Tuesday, November 11, 2008

Fertility or Bust......

Alan and I thought long and hard about whether or not to post our fertility experiences. It's an extremely personal subject and I wasn't sure if I wanted the world to read about it. Then we thought about going private, which we still might end up doing in the near future. However, as this is the closest to keeping a journal that I've done in a long time, I thought it would be nice to a) keep everyone up to date on our progress and b) be able to look back on our journey. So, here we go!

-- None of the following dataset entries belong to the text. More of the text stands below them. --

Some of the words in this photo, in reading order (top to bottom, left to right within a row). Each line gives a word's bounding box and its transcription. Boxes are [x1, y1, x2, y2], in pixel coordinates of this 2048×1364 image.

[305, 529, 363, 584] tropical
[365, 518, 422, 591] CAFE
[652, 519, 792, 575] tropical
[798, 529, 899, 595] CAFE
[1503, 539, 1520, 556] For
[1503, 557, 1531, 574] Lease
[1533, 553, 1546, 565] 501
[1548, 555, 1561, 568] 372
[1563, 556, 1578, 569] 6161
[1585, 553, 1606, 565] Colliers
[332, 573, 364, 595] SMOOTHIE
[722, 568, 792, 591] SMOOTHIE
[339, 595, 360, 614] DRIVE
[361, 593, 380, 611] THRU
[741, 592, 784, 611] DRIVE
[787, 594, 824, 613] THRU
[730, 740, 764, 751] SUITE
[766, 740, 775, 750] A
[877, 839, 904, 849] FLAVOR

We had our first consult with the doctor today to discuss my body and the wonder it is. As many of you may or may not know, I had a miscarriage a little over a year ago at six weeks. We had decided to start trying in October of 2007 and much to our surprise, got pregnant that month. However, in early November I ended up losing the baby and then having some other problems. They found a benign tumor on my ovary that was causing pain. It wasn't the reason of the miscarriage and the doctor advised it shouldn't affect us getting pregnant again, it was just painful and annoying. In August we felt like the time was right to start trying again, but even with the ovulation kits, haven't had any luck. Actually, it was due to using the ovulation kits I found out I wasn't ovulating (I know, tmi, but it's my blog!) Even though we haven't been trying long, I decided to make an appointment with the doctor to see what was going on and what are options are.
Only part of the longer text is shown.